Singer Natacha Atlas is now recording in London rather than Cairo, but perversely this is her most traditionally Arabic album, at least in terms of its nostalgia. Working with musical director Harvey Brough, she's chosen a classicist acoustic approach, as opposed to her usual electronic reinventions of Middle Eastern and North African sounds.
Natacha's fluttering voice is very prominent in the mix, allowing the space to savour every detail of her ornamented phrasing. Around half of the songs have a 1940s or 50s aura, sensitively interpreted by an orchestra of serpentine strings, ney flute, oud, percussion and a horn section that includes Julian Siegel. The Egyptian star Gamal Al Kordy makes a notable contribution on accordion; an apt inclusion given his involvement in many of the original recordings of these songs.
It's not all Arabic traditionalism, though. The Atlas/Brough songwriting partnership has produced four originals and a pair of arrangements, which revisit ancient folk forms, both Western and Eastern. Two of the originals possess strange echoes of other songs, with the title track evoking both Jacques Brel and James Brown's It's A Man's World.
A reading of Black Is The Colour follows Nina Simone's formula; just voice, piano and strings, sung in English. There's also an eerie version of a Frida Kahlo poem, in its original Spanish, sung as a duo with baroque guitarist and oud player Clara Sanabras, who this time opts for a pinging ukulele. And then, Brough re-arranges Hayati Inta, taken from the last Atlas album, driving all night down the highway of doom.
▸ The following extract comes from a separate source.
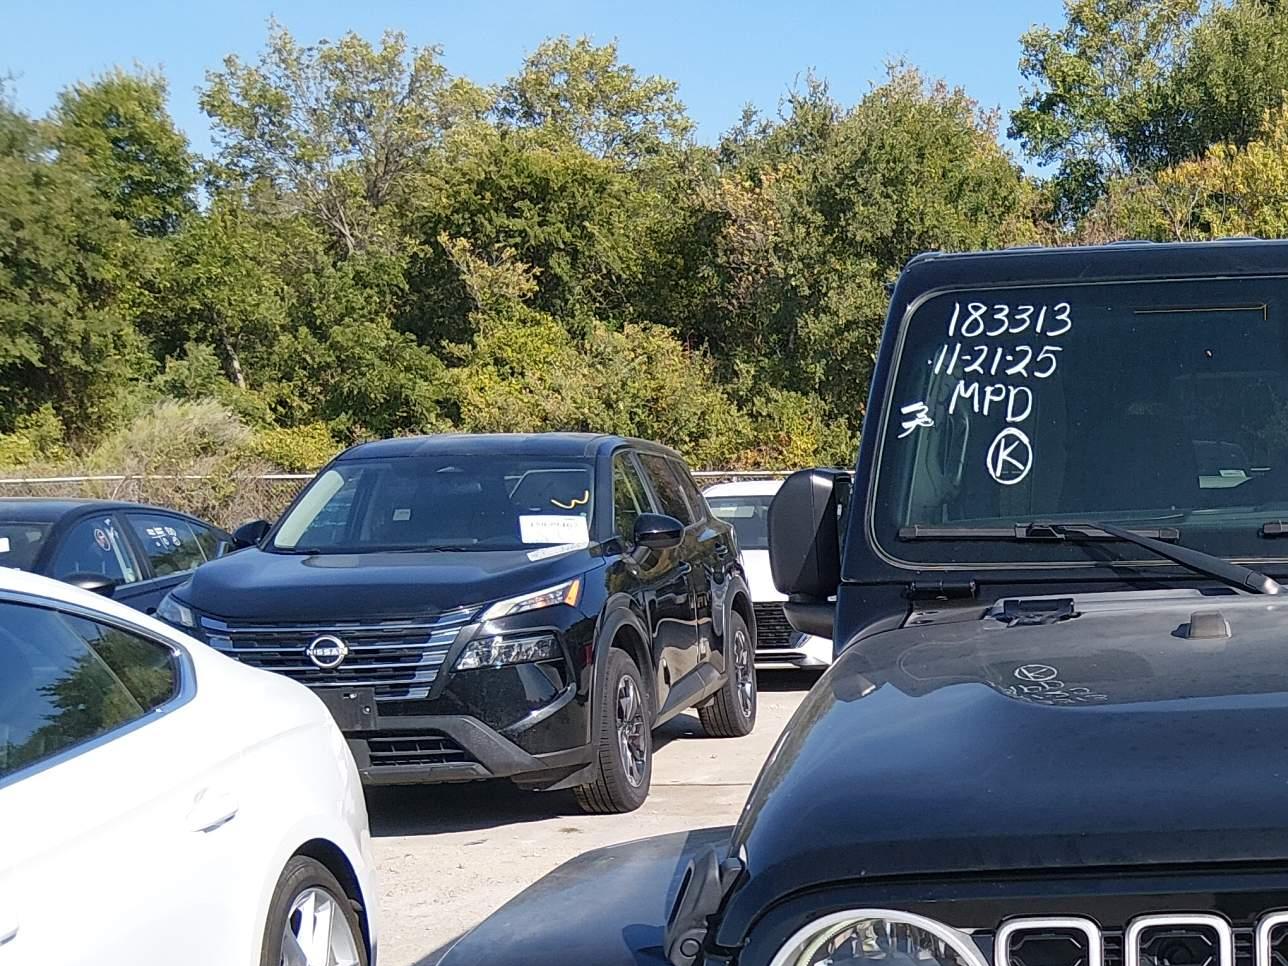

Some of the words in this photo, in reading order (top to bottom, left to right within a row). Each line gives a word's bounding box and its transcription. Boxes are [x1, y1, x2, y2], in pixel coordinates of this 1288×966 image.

El Asil, from the book of Egyptian singer Abdul Halim Hafez, is followed by a lush arrangement of a tune that's at least 500 years old, with an exquisite ney/accordion conversation as its introduction. Such diversity might sound excessive in print, but the experience of gliding down these wayward alleyways produces a seamless sensation of high creativity, tastefully programmed. Ana Hina is set to be one of the year's finest albums.